In general, ESIs prefer solution-oriented, pragmatic advice and insights to abstract or theoretical material. They may have difficulty following or comprehending theoretical or associative tangents with no apparent practical basis. They are often rather straightforward and grounded in nature, and may have little interest or proficiency in dealing with overly conceptual perspectives. They may respond to many situations with the strategy of hard work and diligence, as opposed to innovative or conceptually novel modes of working.

ESIs can have a tendency to see issues of morals or personal character in black and white. They may often act as though viscerally certain of their moral positions and character judgments, and may be dismissive of attempts to contextualize situations ethically, instead seeing others as clearly responsible for their actions and reprehensible."


----------



## Suntide

@shotgunfingers

Thanks, I vaguely recall seeing this website a long time ago. I picked 4 or 5 of them that I related to (with everything else I didn't really relate to either option tbh) and it matched me to Victor Hugo (ESE). I've considered it before, but I think ESE is a bit, uh, _much_ for me, hehe. Though I am a fan of Victor Hugo, so I'll take it as a compliment. Something about how socionics is so oddly specific has always made it kind of hard for me to relate much to any of the types.

I do have a friend who studies socionics who has tried to figure me out in the past. She thought at some point that I was Ti PolR, but then decided Ti Suggestive made more sense for me or something. I sent her a message a couple minutes ago asking what she thought, and she says that I fit PolR Te, PolR Ni, and PolR Ti to varying extents. As for me, I still can't entirely wrap my head around what all that means without looking it up. So much to memorize. Lol

Most of my trouble understanding socionics is likely due to poor translations. I'll have to find some more updated stuff that sounds less robotic and give it another go.


----------



## shotgunfingers

Suntide said:


> @shotgunfingers
> 
> Thanks, I vaguely recall seeing this website a long time ago. I picked 4 or 5 of them that I related to (with everything else I didn't really relate to either option tbh) and it matched me to Victor Hugo (ESE). I've considered it before, but I think ESE is a bit, uh, _much_ for me, hehe. Though I am a fan of Victor Hugo, so I'll take it as a compliment. Something about how socionics is so oddly specific has always made it kind of hard for me to relate much to any of the types.
> 
> I do have a friend who studies socionics who has tried to figure me out in the past. She thought at some point that I was Ti PolR, but then decided Ti Suggestive made more sense for me or something. I sent her a message a couple minutes ago asking what she thought, and she says that I fit PolR Te, PolR Ni, and PolR Ti to varying extents. As for me, I still can't entirely wrap my head around what all that means without looking it up. So much to memorize. Lol
> 
> Most of my trouble understanding socionics is likely due to poor translations. I'll have to find some more updated stuff that sounds less robotic and give it another go.
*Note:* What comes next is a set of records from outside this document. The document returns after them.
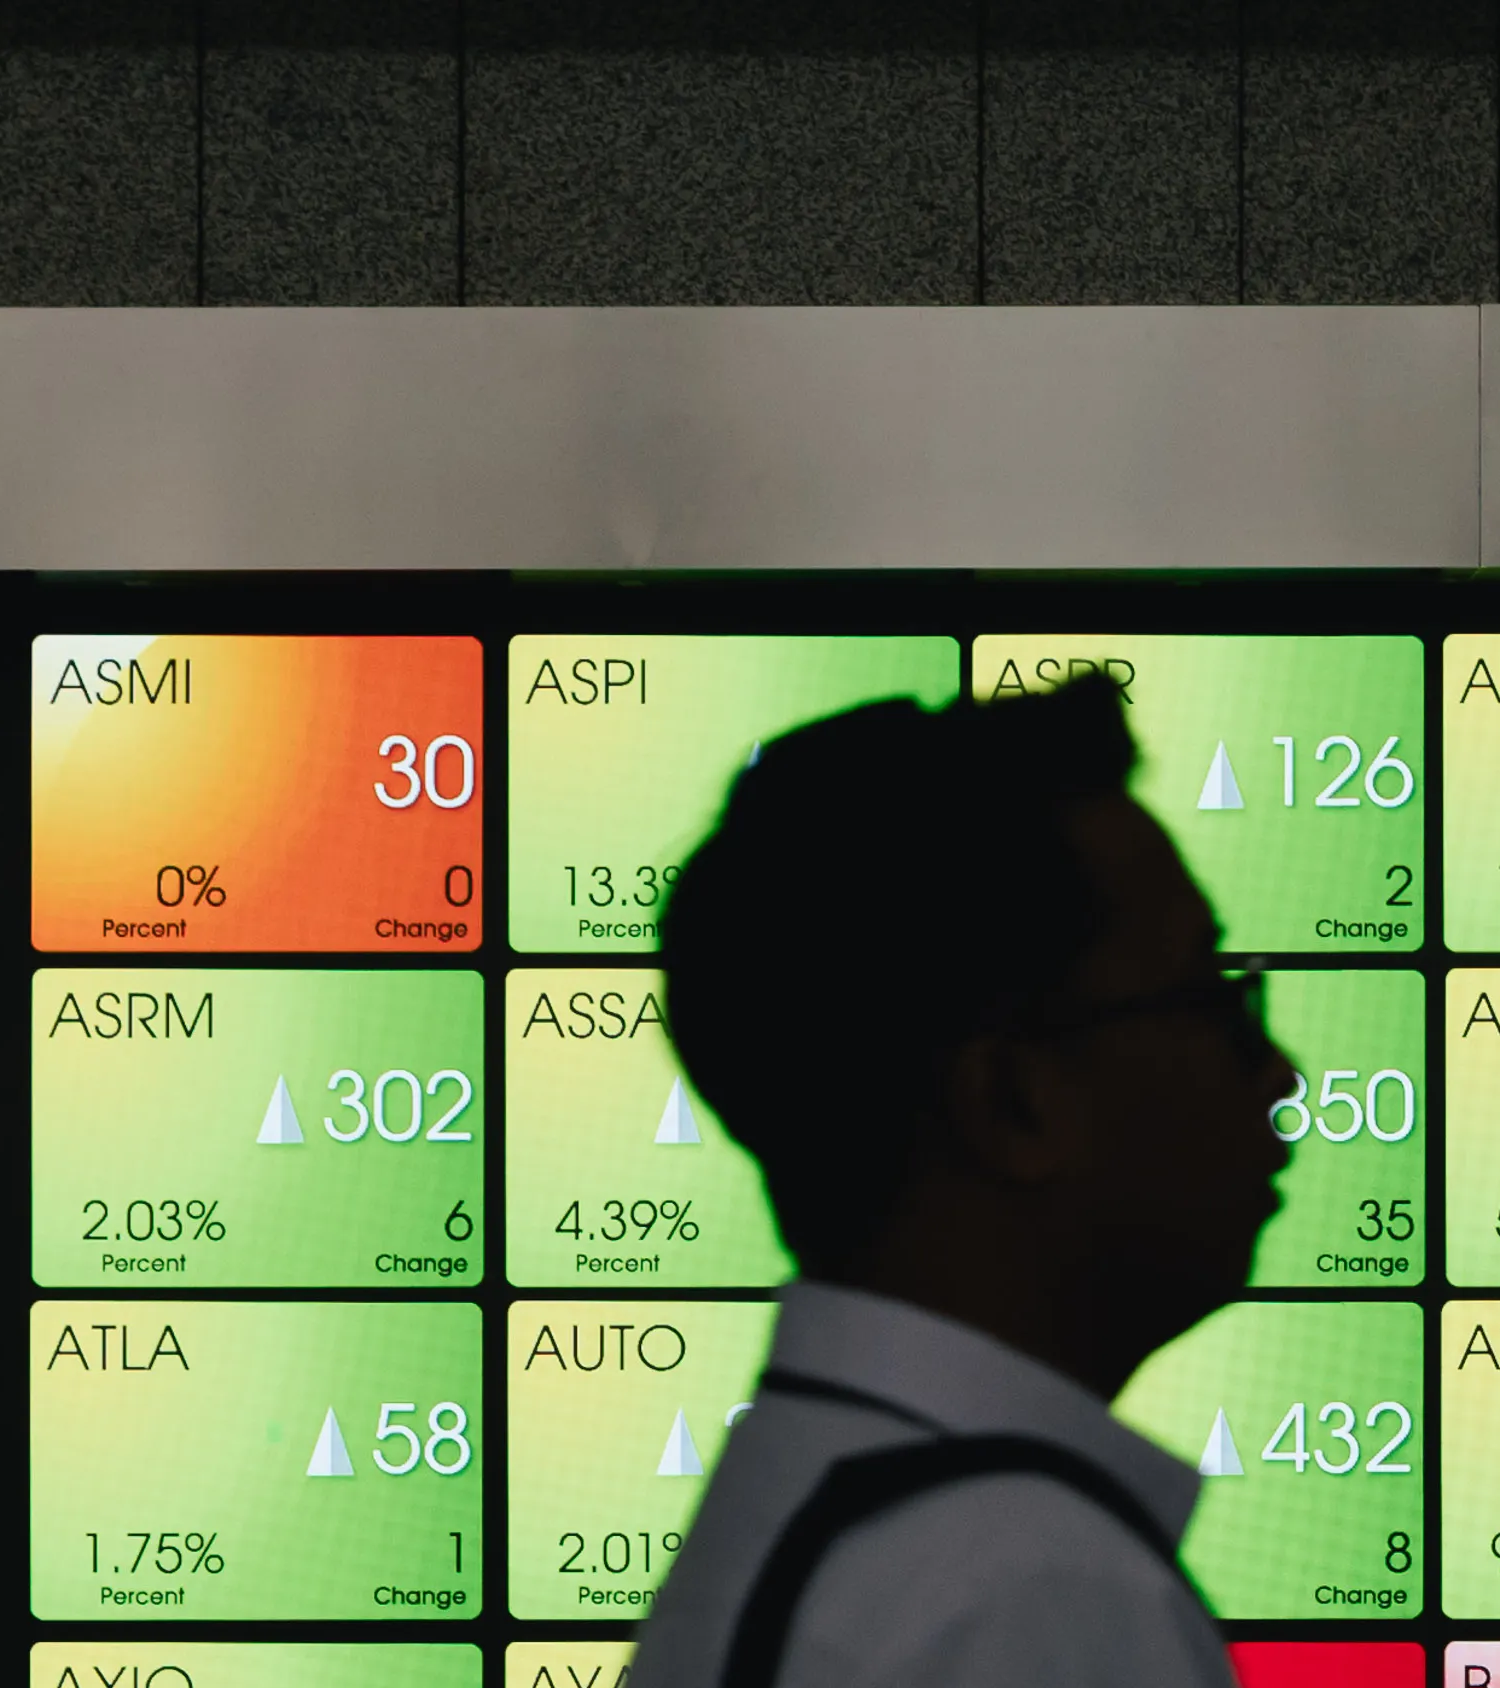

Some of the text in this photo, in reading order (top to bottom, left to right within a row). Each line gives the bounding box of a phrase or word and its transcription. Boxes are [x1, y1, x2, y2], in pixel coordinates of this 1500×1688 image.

[50, 658, 192, 705] ASMI
[526, 659, 645, 705] ASPI
[375, 735, 475, 809] 30
[1273, 736, 1416, 810] 126
[157, 865, 226, 907] 0%
[445, 865, 473, 907] 0
[1386, 865, 1412, 906] 2
[103, 919, 186, 937] Percent
[375, 919, 468, 942] Change
[579, 919, 660, 938] Percen
[1316, 919, 1408, 942] Change
[49, 992, 212, 1039] ASRM
[522, 992, 671, 1040] ASSA
[324, 1070, 474, 1145] 302
[1268, 1068, 1417, 1144] 850
[83, 1200, 226, 1241] 2.03%
[445, 1200, 473, 1241] 6
[555, 1200, 699, 1241] 4.39%
[1357, 1200, 1414, 1241] 35
[103, 1254, 186, 1272] Percent
[375, 1254, 468, 1277] Change
[577, 1254, 660, 1272] Percent
[1317, 1254, 1409, 1277] Change
[47, 1325, 189, 1370] ATLA
[525, 1325, 686, 1372] AUTO
[373, 1402, 473, 1477] 58
[1262, 1402, 1414, 1477] 432
[86, 1533, 224, 1574] 1.75%
[450, 1532, 462, 1573] 1
[1385, 1532, 1412, 1573] 8
[101, 1587, 185, 1605] Percent
[374, 1586, 466, 1610] Change
[579, 1586, 662, 1605] Percen
[1315, 1586, 1407, 1609] Change
Hmm, maybe a visual aide might help?


----------



## Suntide

shotgunfingers said:


> Hmm, maybe a visual aide might help?
> 
> (pictures)


Are there more of those?? I'm curious to see what they put for the rest of the types. Out of those 3, I can't really say I see much resemblance to myself in any of them Q~Q


----------



## shotgunfingers

Suntide said:


> Are there more of those?? I'm curious to see what they put for the rest of the types. Out of those 3, I can't really say I see much resemblance to myself in any of them Q~Q


I made a thread on the socionics forums wit all the images: https://www.personalitycafe.com/soc...socionics-types-visual-aide.html#post43931913


----------



## Suntide

Update: Had a voice chat with my socionics studying friend's other socionics studying friends. They unanimously decided pretty quickly I was ESE. I still have to look into it more before I conclude anything.


----------



## shotgunfingers

Suntide said:


> Update: Had a voice chat with my socionics studying friend's other socionics studying friends. They unanimously decided pretty quickly I was ESE. I still have to look into it more before I conclude anything.


You have to remember that in socionics introversion and extroversion does not necesserily mean being sociable, so if you are ESE and not that "extroverted" its completely ok.

Hugo is a cool type:


----------



## Suntide

shotgunfingers said:


> You have to remember that in socionics introversion and extroversion does not necesserily mean being sociable, so if you are ESE and not that "extroverted" its completely ok.


Yeah, that was one of the things her friends explained to me when they were explaining why they thought ESE for me. I've noticed a good number of people in her server that type as an introvert in MBTI but an extrovert in socionics and vice versa. Makes sense to me!



> Hugo is a cool type:
> 
> (picture)


Most importantly, Hugo is super cute in all of those pictures! Lol


----------